About 25 percent of Iowa had a moderate drought on Aug. 27, up from 7.9 percent a week earlier, while Illinois jumped to 20 percent from none, the U.S. Drought Monitor said yesterday in a report. Parts of Iowa received less than 25 percent of normal rain during the past 60 days, and much of Illinois got less than half of normal since June 30, data from the High Plains Regional Climate Center show.

After a wet May and June delayed planting, the U.S. Department of Agriculture cut its soybean-crop forecast by 4.8 percent on Aug. 12 and reduced its corn estimate for a third straight month. July was the 20th coldest in 119 years in Minnesota, Wisconsin, Michigan and Iowa, National Weather Service data show. Soybean futures are up 17 percent from an 18-month low on Aug. 7 on forecasts for dry weather, and corn rose 7.5 percent from a 35-month low on Aug. 13.

“The heat and drought are speeding crop development and reducing yield potential daily,” Roger Elmore, an agronomist at Iowa State University in Ames, said in a telephone interview. “We are skipping over critical stages of development that probably can’t recover even if temperatures cool and a little rain falls.”

While the crops need hot weather to develop, temperatures that approached 100 degrees Fahrenheit (38 Celsius) from Nebraska to Indiana in the past five days can cut corn yields at least 3 percent a day while reducing the number of seeds and seed weight in soybeans, Elmore said.

Yield Loss

Cool weather during the first 19 days of August masked the stress that the dry spell was causing to crops over most of the Midwest, Planalytics Inc. said in a report yesterday. The epicenter of the crop damage is in Iowa, based on the vegetative growth index that the forecaster constructs biweekly from satellite images.
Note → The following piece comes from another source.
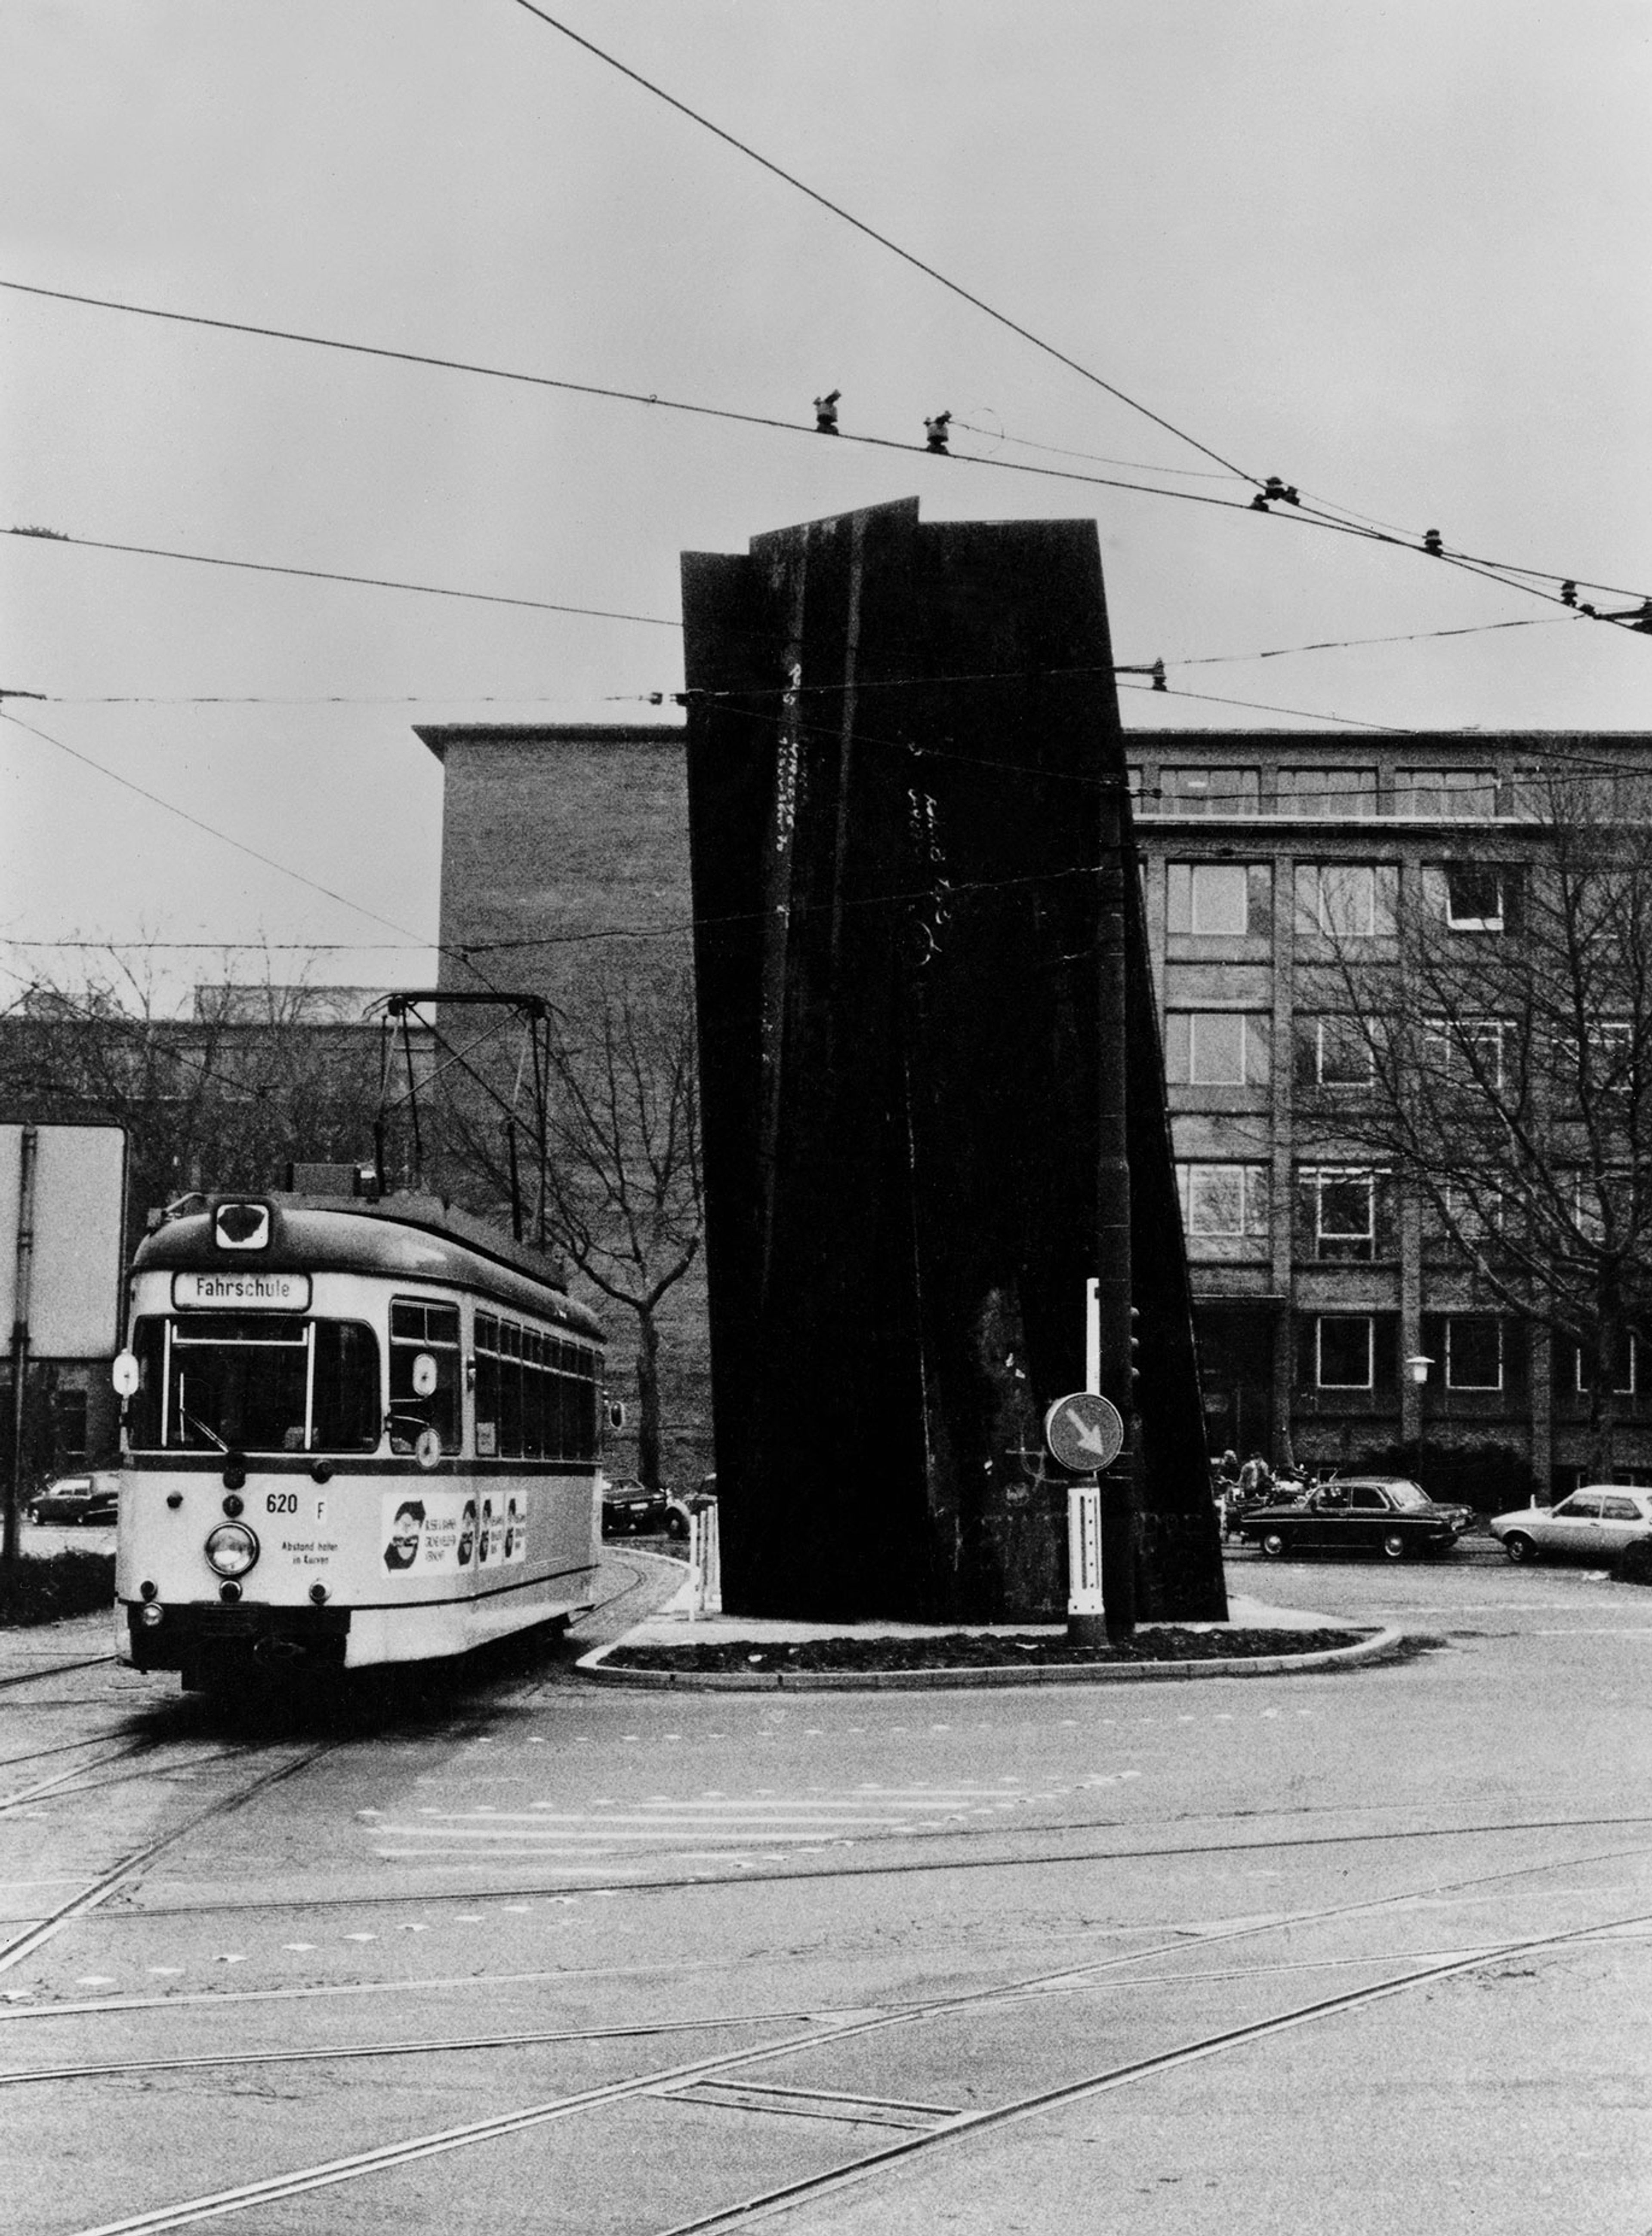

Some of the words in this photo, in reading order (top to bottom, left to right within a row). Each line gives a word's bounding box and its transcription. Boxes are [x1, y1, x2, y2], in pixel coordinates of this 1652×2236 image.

Corn yields in Iowa probably are down to about 150 bushels an acre, compared with an estimate of 165 bushels a week ago, said Kent Jessen, the director of merchandising for West Des Moines, Iowa-based Heartland Cooperative, which has 52 grain terminals across 17 counties. Soybean yields will be 35 bushels an acre at best in his area, compared with 48 a year ago. The average yield in the region where drought is most severe in Iowa was 52 bushels from 2007 to 2011, he said.

“The flash drought has caused severe and irreversible damage very quickly,” Jessen said. “The beans are going downhill much quicker than the more mature corn. There are some soybean fields that have received only 2 inches (5 centimeters) of rain since they were planted in June.”

Less Rain

The Midwest will get less rain because there will be a large ridge of high pressure over the region in the next 10 days, increasing stress on about 45 percent of U.S. crops, Commodity Weather Group LLC said in a report yesterday. Soybean-crop conditions declined in 14 of the top 18 producing states as of Aug. 25, and corn ratings declined in 11 states, the USDA said in a report this week.

Crop conditions will fall again in next week’s USDA update, according Randy Mittelstaedt, the director of research for R.J. O’Brien & Associates in Chicago. Based on this week’s weather and crop conditions, Mittelstaedt forecasts a U.S. corn harvest of 13.53 billion bushels, 1.7 percent less than the USDA’s Aug. 12 forecast of 13.763 billion. Soybean will be 3.218 billion bushels, he said, or 1.1 percent less than the government’s estimate of 3.255 billion.